### What you are asked to do:
Reproduce each record exactly. The pictures should be skipped.

### Provided entries:
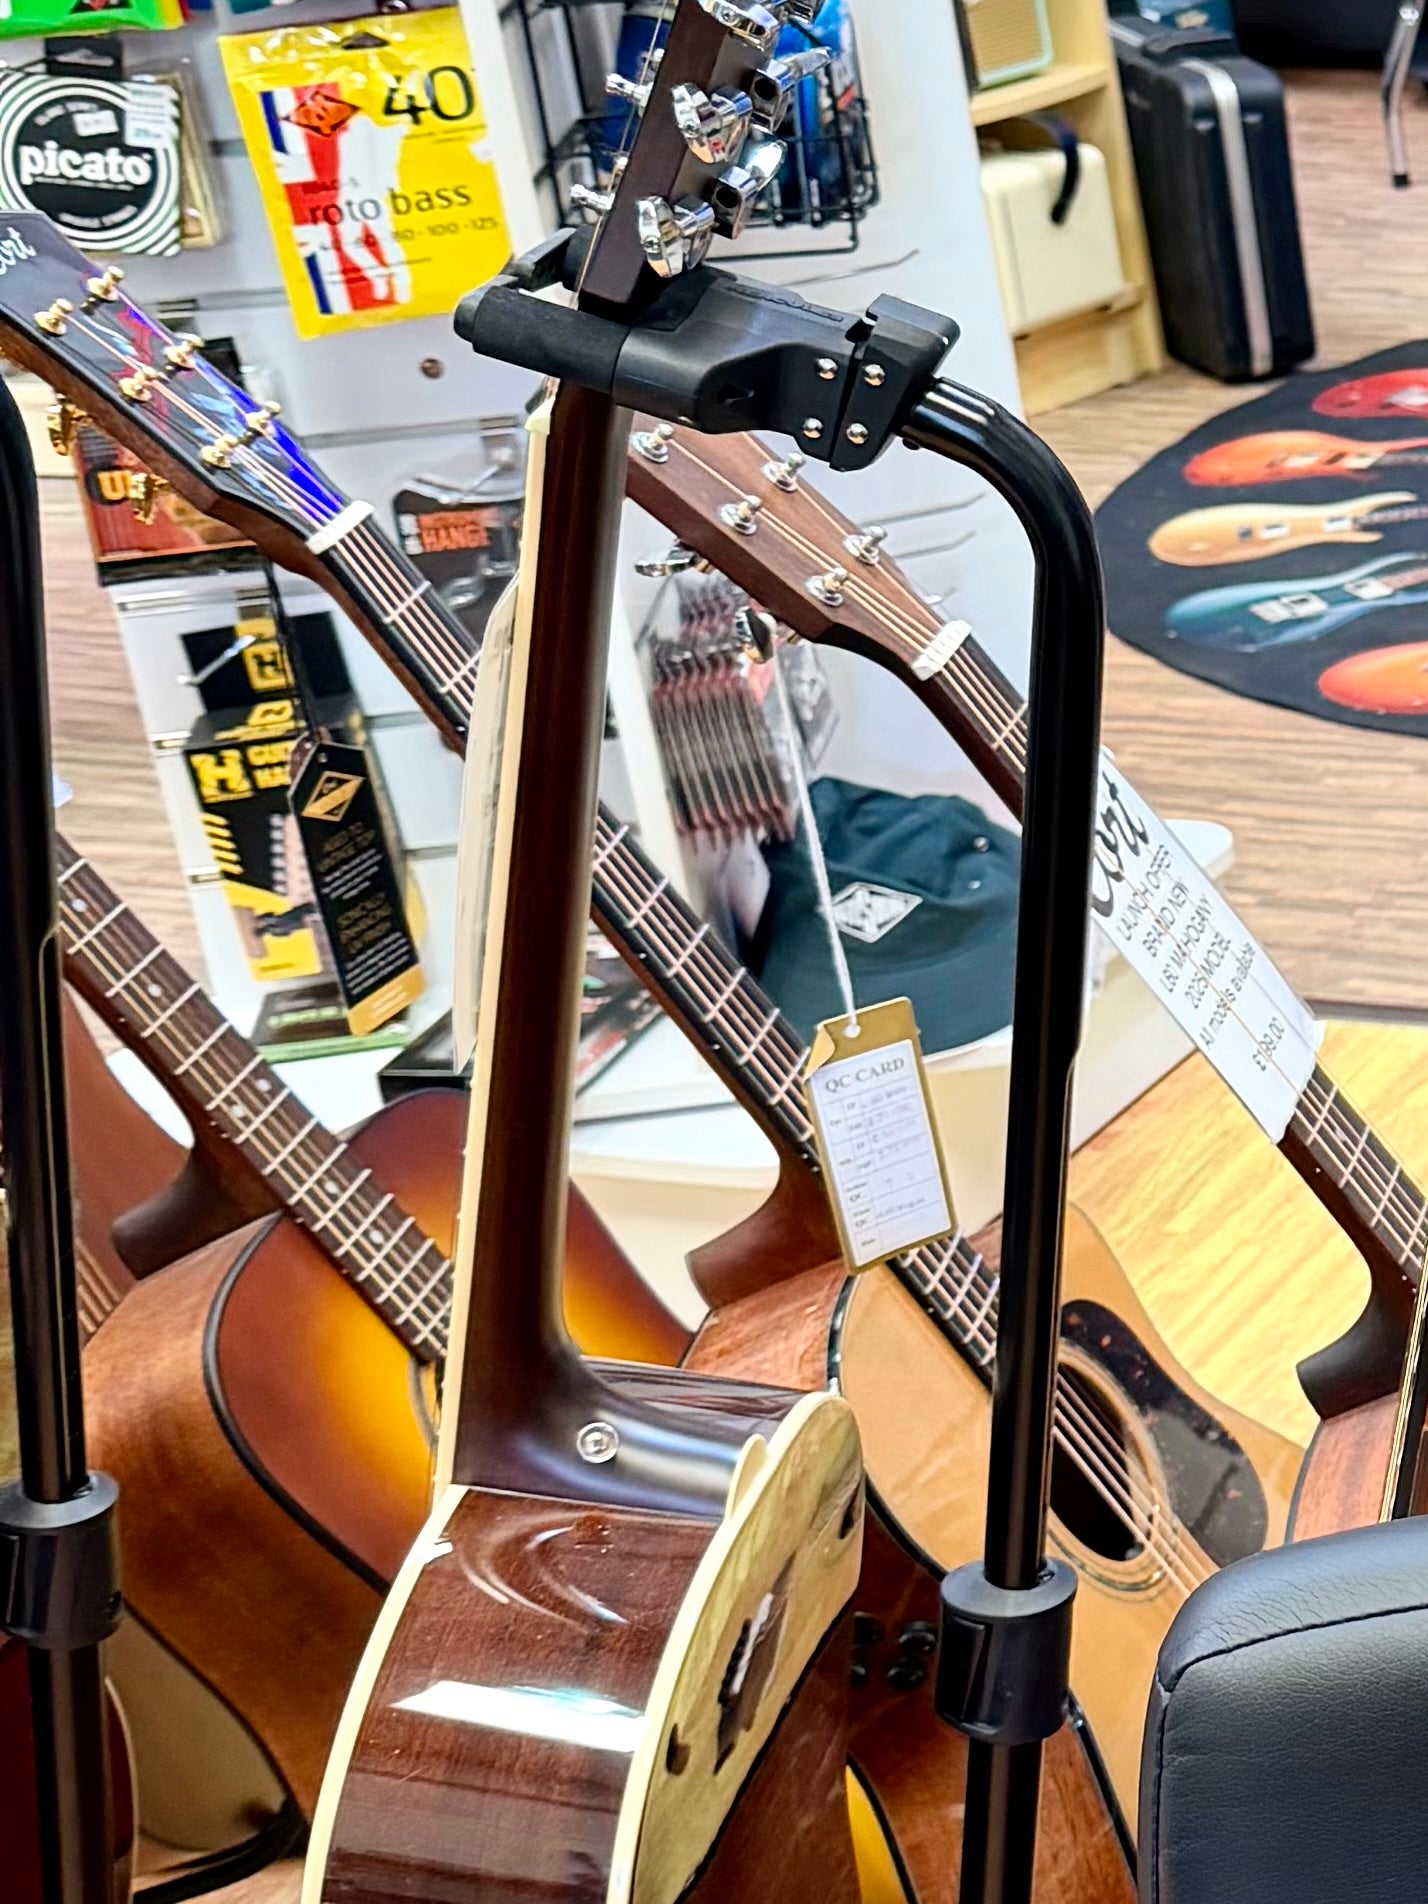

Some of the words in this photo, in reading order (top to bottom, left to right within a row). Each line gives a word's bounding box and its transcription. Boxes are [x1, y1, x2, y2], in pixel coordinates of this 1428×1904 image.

[383, 66, 475, 125] 40
[19, 140, 151, 186] picato
[310, 197, 381, 226] roto
[389, 185, 472, 216] bass
[189, 746, 252, 804] H
[1116, 881, 1156, 942] LAUNCH
[1150, 844, 1173, 890] OFFER
[1141, 909, 1175, 958] BRAND
[1172, 878, 1191, 917] NEW
[1173, 894, 1215, 966] MAHOGANY
[1203, 931, 1232, 980] MODEL
[1200, 1026, 1215, 1050] All
[1211, 985, 1238, 1030] models
[1230, 941, 1257, 1002] available
[1252, 1016, 1286, 1073] £199.00
[824, 1072, 851, 1094] QC
[855, 1056, 906, 1083] CARD

### Exercise result:
Some of the words in this photo, in reading order (top to bottom, left to right within a row). Each line gives a word's bounding box and its transcription. Boxes are [x1, y1, x2, y2], in pixel coordinates of this 1428×1904 image.

[383, 66, 475, 125] 40
[19, 140, 151, 186] picato
[310, 197, 381, 226] roto
[389, 185, 472, 216] bass
[189, 746, 252, 804] H
[1116, 881, 1156, 942] LAUNCH
[1150, 844, 1173, 890] OFFER
[1141, 909, 1175, 958] BRAND
[1172, 878, 1191, 917] NEW
[1173, 894, 1215, 966] MAHOGANY
[1203, 931, 1232, 980] MODEL
[1200, 1026, 1215, 1050] All
[1211, 985, 1238, 1030] models
[1230, 941, 1257, 1002] available
[1252, 1016, 1286, 1073] £199.00
[824, 1072, 851, 1094] QC
[855, 1056, 906, 1083] CARD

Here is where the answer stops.